The recent resilience of global stock markets has created a key talking point heading into the June quarter reporting season.

After a record-breaking rally in April, the ASX has held most of those gains through May and got off to another strong start this week.

Amid that backdrop, the Q2 earnings outlook is expected to be more illuminating than usual, given the majority of companies on the ASX200 either halted or withdrew earnings guidance completely in the wake of the COVID-19 pandemic.

For now, the price action on markets indicates that investors are betting listed companies will navigate their way through the worst of the crisis.

But for Seema Shah, chief strategist at asset management firm Principal Global Investors, while stock prices look good they don’t “feel good”.

Shah highlighted the ongoing disconnect between stock prices and the real economy, with US unemployment rising to its highest level since World War II.

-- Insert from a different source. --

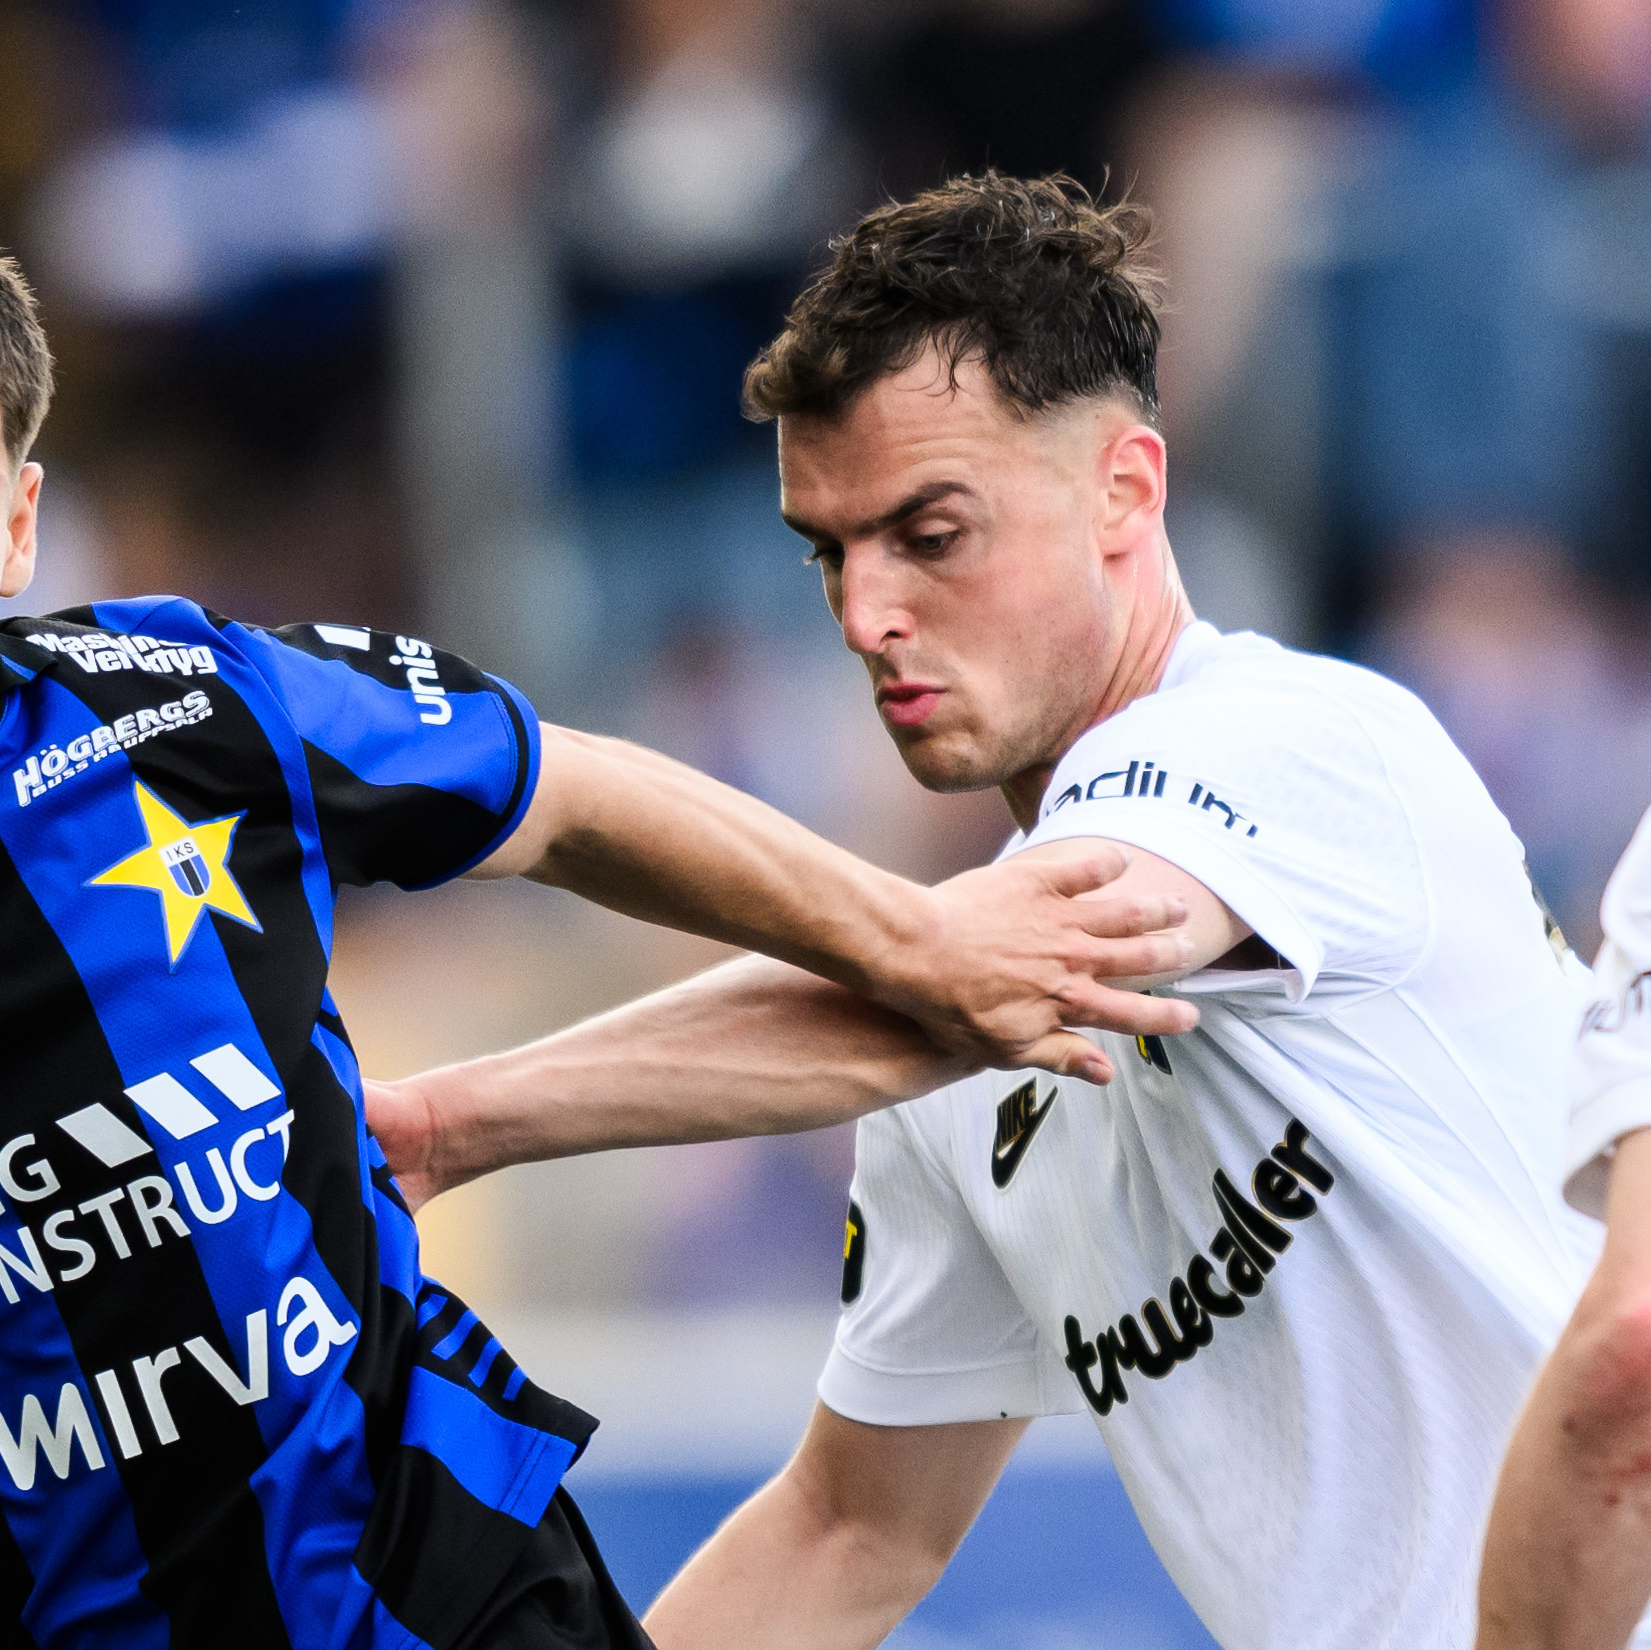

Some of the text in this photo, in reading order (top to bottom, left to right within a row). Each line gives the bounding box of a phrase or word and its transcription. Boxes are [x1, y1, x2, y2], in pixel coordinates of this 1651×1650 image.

In effect, the price action indicates markets are betting that while the pace of economic contraction was unprecedented, the rebound will also be equally fast once the health crisis subsides.

And in the meantime, record levels of stimulus from governments and central banks will be enough to hold the fort.


The low is in, but where will markets settle?

Shah said recent signs of green shoots in the US economy, such as gasoline demand and increased mobility in mobile phone tracking systems, suggest that “April likely marked the nadir for economic activity”.

However, investors will likely have to account for an uneven economic rebound, as well as the possibility of more uncertainty on the health side such as the potential for a second wave of outbreaks.

In that environment, Shah said investors should be wary of a negative feedback loop stemming from sectors which had been hardest hit, such as airlines and physical retail stores.

“Markets may be right to look through Q2 numbers and look forward to a Q3 recovery. But it is entirely possible that there will be a Q4 reckoning, where a second wave of job losses and prolonged period of business failures tests equity sentiment,” she said.

In other words, more of a “W-shaped” recovery, with a short-term rally followed by more headwinds. And until a vaccine becomes available, lingering economic headwinds from the health crisis are likely to reappear.

Think Big: V-shape, U-shape or L-shape? This economist is bullish about a quick US rebound

That was a view shared by US Fed chair Jerome Powell, who said over the weekend that a full recovery for the US economy could take until the end of 2021, and would probably require the introduction of a vaccine.

With central banks on hand to provide support, Shah said equity markets were “unlikely to re-test their lows”. However, she stopped short of advising a total shift to risk-on trading positions.

If major economies show signs of recovery into the second half of the year, it may warrant a “rotation away from defensives into cyclicals, and from large cap to small cap (stocks)”, she said.

But for now, capital should be allocated selectively to businesses with “strong balance sheets, positive cash flow, less leverage, and those that have a vision to benefit from new secular growth trends”, Shah said.